Y la neblina empezó a avanzar hacia Corum mientras la oscuridad cubría el mundo, y los jadeos y gruñidos de los sidhi trabados en terrible combate seguían subiendo hasta él desde la playa.

Y por entre los zarcillos de niebla Corum pudo ver un gigantesco carro de batalla construido de maderos y mimbres que era lo bastante grande para transportar a una criatura tan colosal como el mismo Ilbrec. El carro era arrastrado por dos seres enormes que hacían pensar en lagartos, aunque no eran lagartos; y mientras lo contemplaba Corum vio bajar de él una criatura de dimensiones desmesuradas, un cuerpo blanco cubierto de palpitantes verrugas rojizas, y el cuerpo estaba desnudo salvo por un cinturón. El cinturón estaba lleno de espadas que formaban una especie de faldellín.

Corum alzó la mirada y vio un rostro que en algunos aspectos era humano, y que se parecía al rostro de alguien a quien había conocido hacía mucho, mucho tiempo. Los ojos ardían con la llama del dolor y la miseria, y eran los ojos del Conde de Krae, de aquel mabden llamado Glandyth que había amputado la mano de Corum y que le había sacado un ojo, iniciando con ello la larga historia de su lucha con los Señores de las Espadas. Pero los ojos no reconocieron a Corum, aunque cuando se posaron en la mano de plata unida a su muñeca izquierda Corum creyó distinguir un leve chispazo de reconocimiento en ellos.

Y los pliegues de carne desgarrada que formaban la boca de la criatura dejaron escapar un retumbar ensordecedor.

—Gran Sreng, éste es el que colaboró en la masacre de Caer Mahlod —dijo el hechicero Calatin—. Éste es el que causó la derrota de aquel día... Éste es el culpable de todo, y se llama Corum.

Y Corum dejó el cofrecillo que contenía el Roble de Oro y el Carnero de Plata en el suelo y separó las piernas para alzarse sobre él y poder protegerlo mejor, y su mano de plata fue hacia su cinturón y cogió su daga, y se preparó para defenderse contra Sreng de las Siete Espadas.

Sreng cogió dos de las grandes espadas que colgaban de su cinturón, y Corum se dio cuenta de que se movía despacio y con gran dificultad, como si todo su cuerpo estuviera siendo desgarrado por terribles dolores.

—Mata a Corum, Gran Sreng, y entrégame su cuerpo —dijo Calatin—. Mata a Corum, y los planes de los Fhoi Myore ya no se verán estorbados por la resistencia de los mabden.

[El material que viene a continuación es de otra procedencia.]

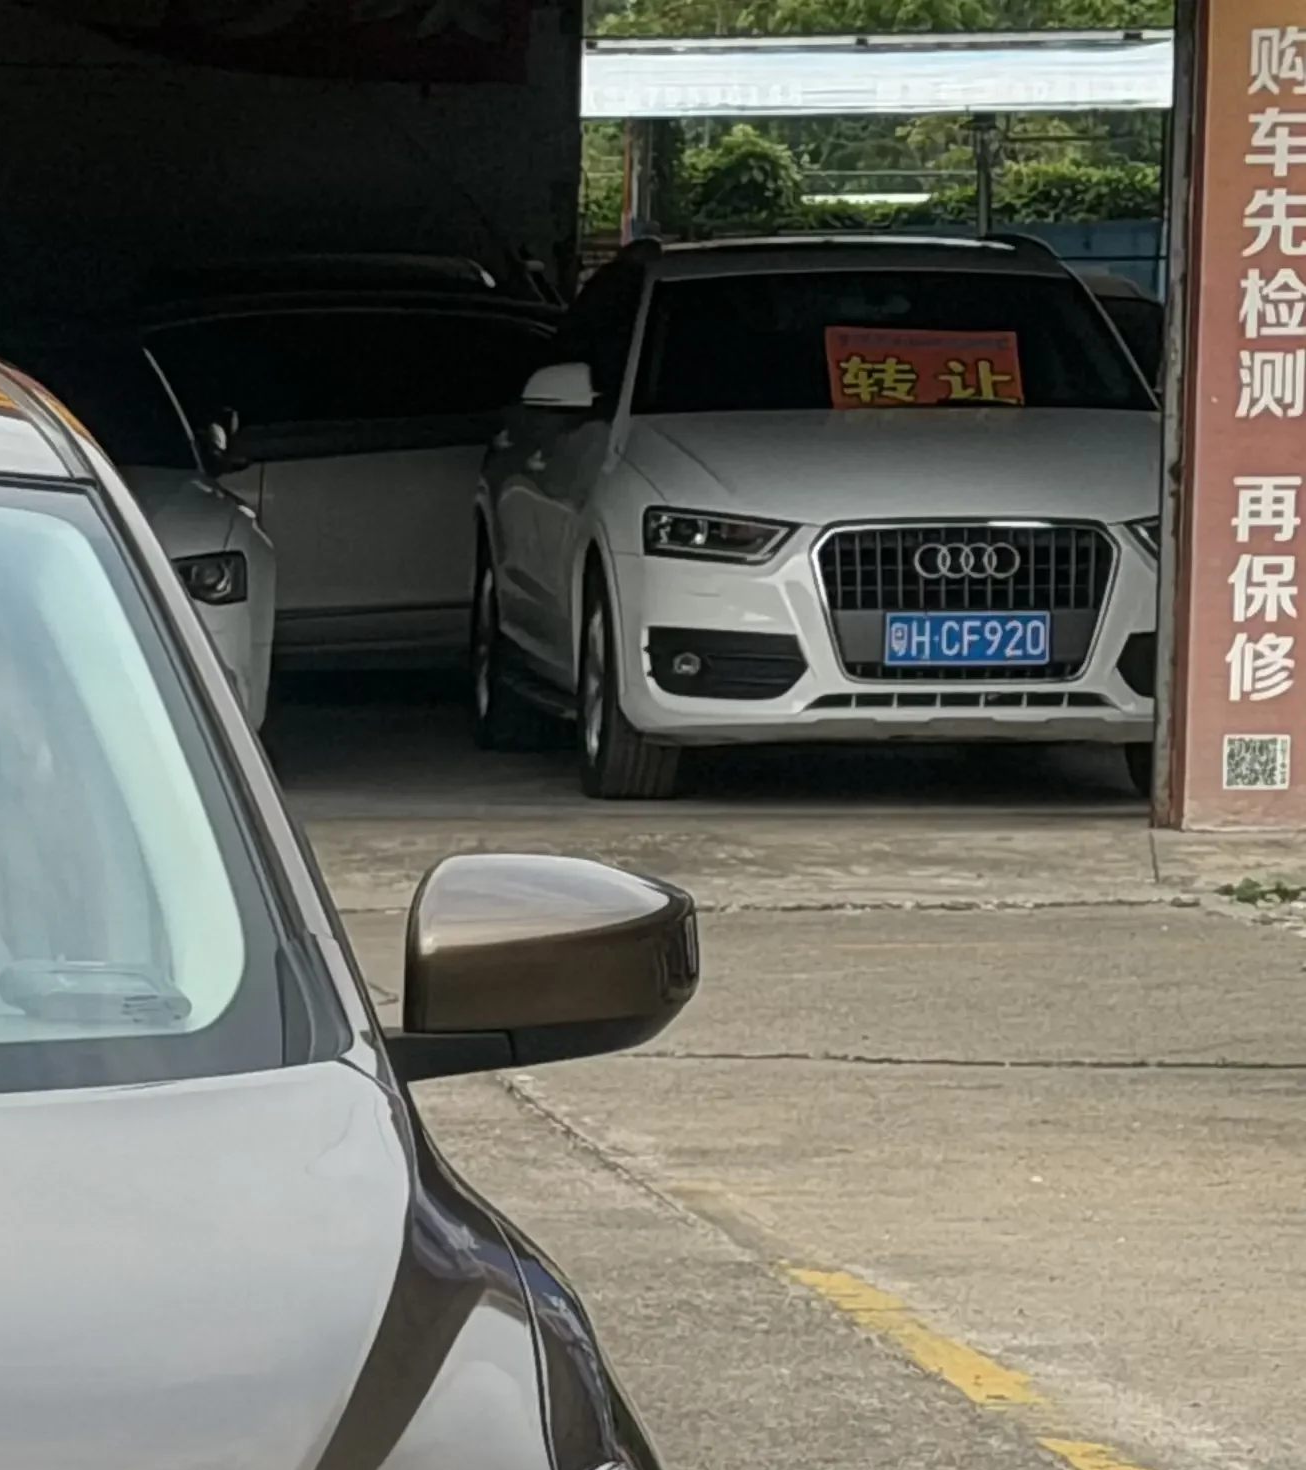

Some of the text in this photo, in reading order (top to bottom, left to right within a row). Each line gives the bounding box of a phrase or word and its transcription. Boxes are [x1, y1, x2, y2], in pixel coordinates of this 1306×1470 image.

El retumbar ahogado volvió a surgir de aquella boca deforme. Las verrugas rojizas palpitaron sobre el inmenso cuerpo de carne blanquecina. Corum se dio cuenta de que una de las piernas del gigante era más corta que la otra, por lo que caminaba con un extraño contoneo. Vio que la boca de Sreng sólo tenía tres dientes, y que el dedo meñique de su mano derecha estaba cubierto por un moho amarillento sobre el que se distinguían manchitas blancas y negras. Corum examinó el cuerpo del gigante con más atención y vio que otras partes de él, y especialmente los muslos cubiertos por las espadas, también estaban salpicadas por manchas de musgo; y la masa colosal de Sreng de las Siete Espadas desprendía un olor pestilente que recordó a Corum el olor del pescado podrido y el hedor de los excrementos de gato.

Los gruñidos de los sidhi que seguían luchando llegaban hasta él desde la oscuridad que se extendía debajo del acantilado. Calatin apenas era visible, una silueta oscura que reía envuelta en el manto de la noche. Sólo Sreng, recortado contra la neblina que siempre debía llevar consigo, podía ser visto con claridad.

Corum pensó que no deseaba morir a manos de aquel dios decrépito llamado Sreng.

Sreng ya estaba agonizando al igual que agonizaban los otros Fhoi Myore, roído por enfermedades que quizá tardarían cien años en acabar con él.

—Sreng, ¿no preferirías volver al Limbo, volver a tu Reino donde no tendrías que perecer? —dijo Corum—. Podría ayudarte a volver a tu mundo, a ese plano en el que tus enfermedades cesarían de atormentarte... Deja que este Reino disfrute de su estado natural, y sal de él llevándote contigo tu frío y tu muerte.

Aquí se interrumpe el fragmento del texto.